Now we have a list of all the games and their information.

## Cleaning the data of any anomalies

Before we can clean the data we need convert it to a Pandas [DataFrame]('https://www.geeksforgeeks.org/python-pandas-dataframe/') which will make interacting and cleaning the data much easier.

In [None]:
gamesdf = pd.DataFrame(games_list)

Now as we can see that there are lots of rows which have blank titles and also some titles which atre not even a game like "EA Play".

![](https://i.imgur.com/yEOXn7g.png)

we need to remove these anomalies before proceeding further.

Let's create a function here for the cleaning of the data

In [None]:
def clean_data(games_list):
  '''Takes the list of games as an input,  cleans the list of any anomalies and returns it's dataframe'''
  gamesdf = pd.DataFrame(games_list)
  for i in range(len(gamesdf)):
    if gamesdf['title'][i] == '':
      new_gamesdf = gamesdf.drop(i)
      gamesdf = new_gamesdf
    elif gamesdf['title'][i] == 'EA Play' or gamesdf['title'][i] == 'Valve Index VR Kit' or gamesdf['title'][i] == 'Steam Deck' or gamesdf['title'][i] == 'Valve Index® Base Station':
      new_gamesdf = gamesdf.drop(i)
      gamesdf = new_gamesdf
  return new_gamesdf

In [None]:
new_gamesdf = clean_data(gamesdf)

now we can see that the data is clean.

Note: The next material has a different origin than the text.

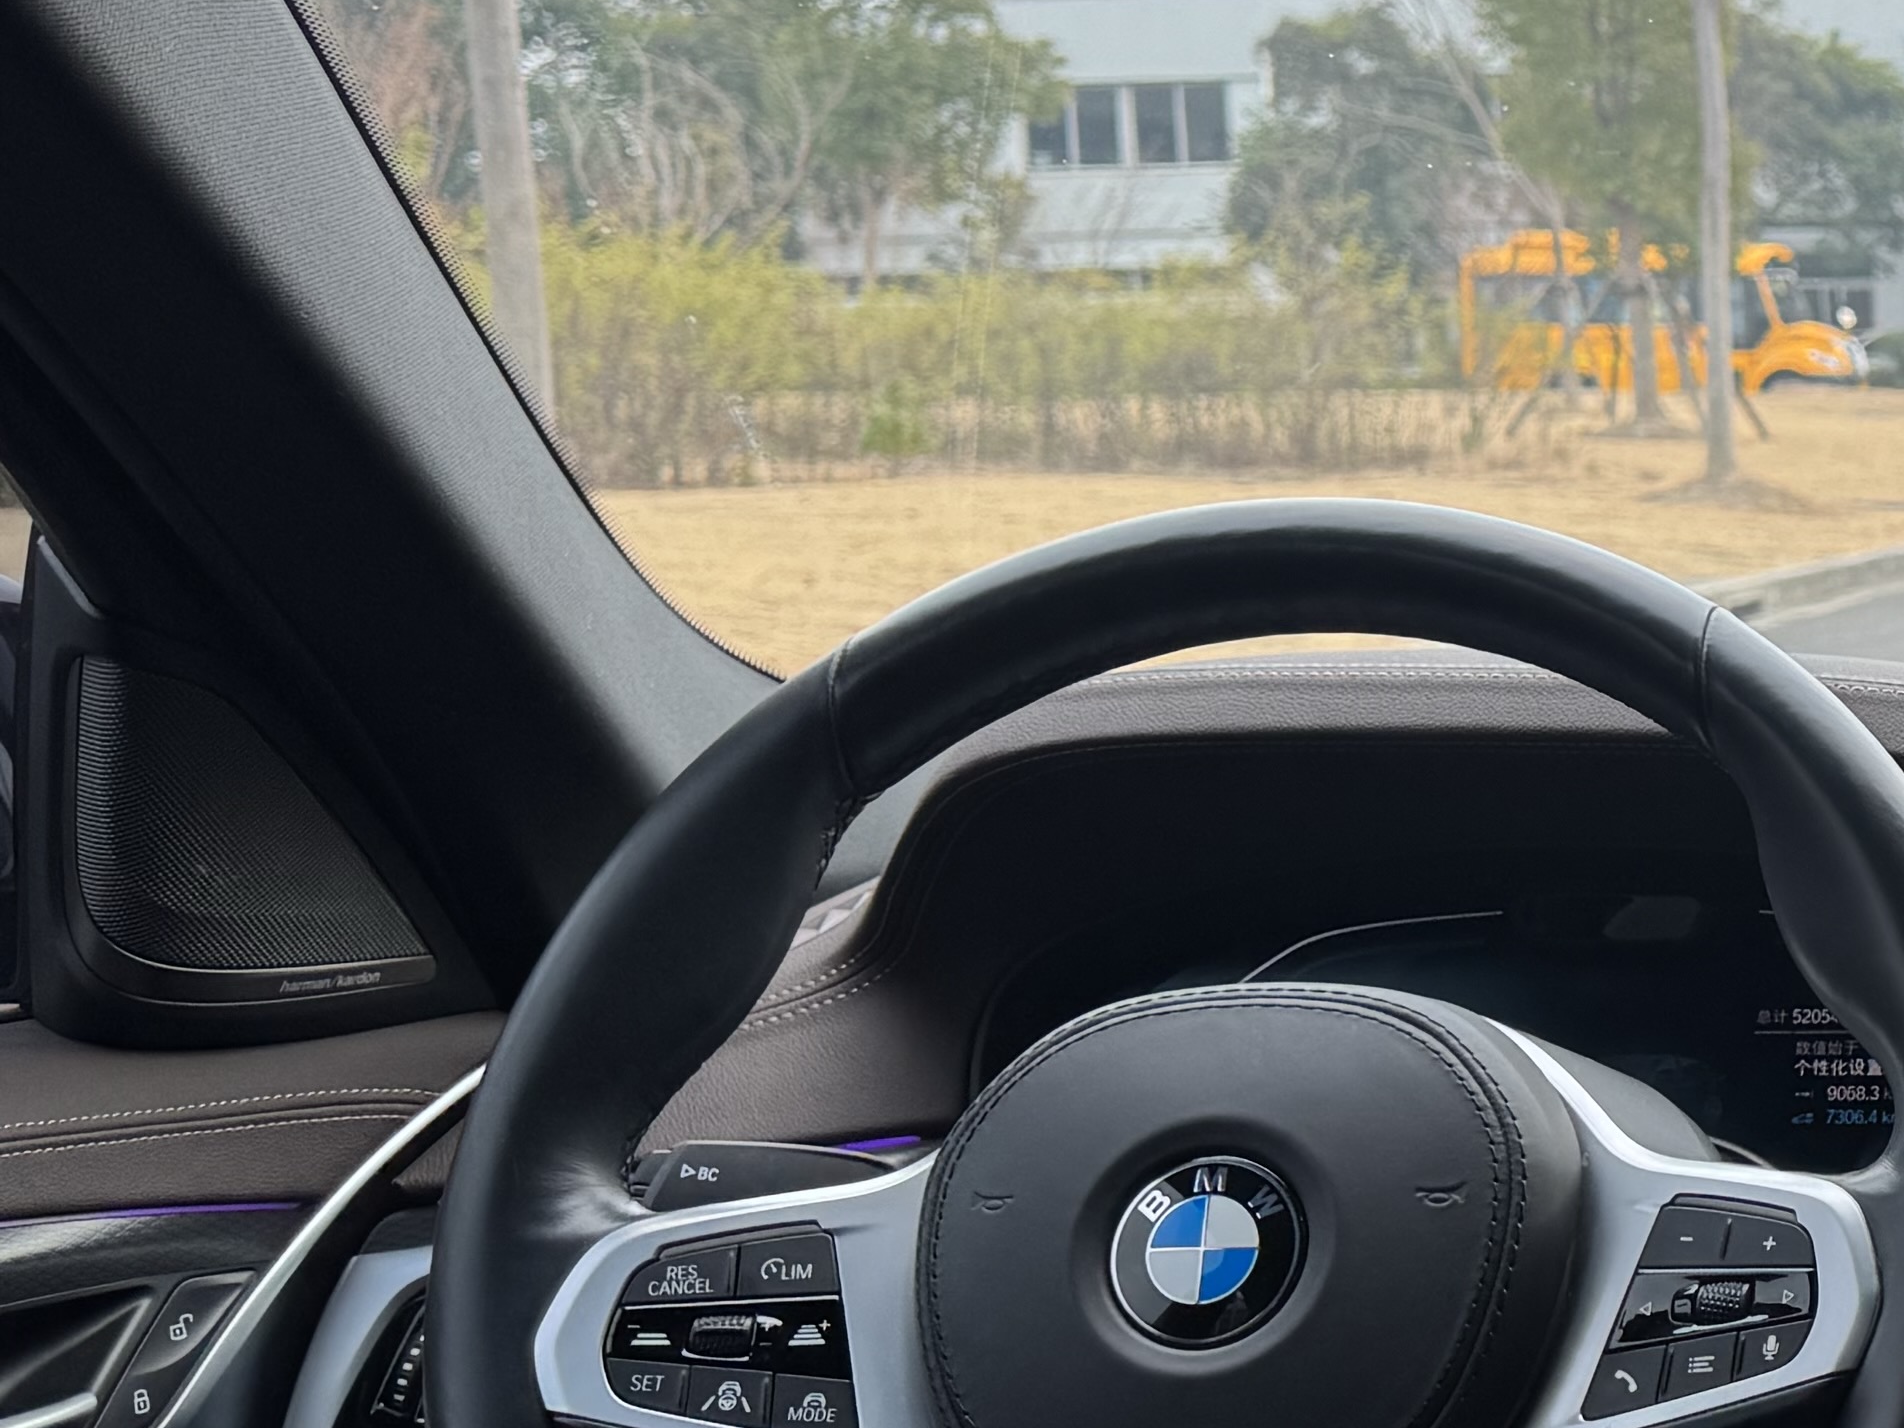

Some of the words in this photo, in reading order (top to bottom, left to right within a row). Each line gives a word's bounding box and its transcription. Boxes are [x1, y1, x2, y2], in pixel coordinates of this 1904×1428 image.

There are only game titles and no blank titles

![](https://i.imgur.com/IKXG3nS.png)

## Geting information from each of the games.

Now that we have a dataframe with title and url we can use the url of the game, we can use the url of every game to extract information from the each game's page.



> We will extract the price, discounted price, release date and reviews

But before we can create functions there is a problem that we need to tackle first which is age selector for some games which are violent.

![](https://i.imgur.com/S5kGtNO.png)



So we need a way to get past of this page and get to the actual game page.
With `Selenium` we can do this very easily. Let's create a function to tackle this.









In [70]:
def check_page(wd):
    '''Takes the driver as an input with a game url and, checks the page and returns the driver'''
    try: 
       try:
          info_tag = wd.find_element(By.CLASS_NAME, 'glance_ctn_responsive_left')
          return wd
       except:
          year_tag = wd.find_element(By.CLASS_NAME, 'agegate_birthday_selector')
          year = year_tag.find_element(By.ID, 'ageYear')
          yearDD = Select(year)
          yearDD.select_by_value('1900')
          view_button = wd.find_element(By.XPATH, '//*[@id="view_product_page_btn"]')
          view_button.click()
          time.sleep(4)
    except:
         return wd

    return wd

Now that we have tackled the age selector problem, we can create functions for extraction.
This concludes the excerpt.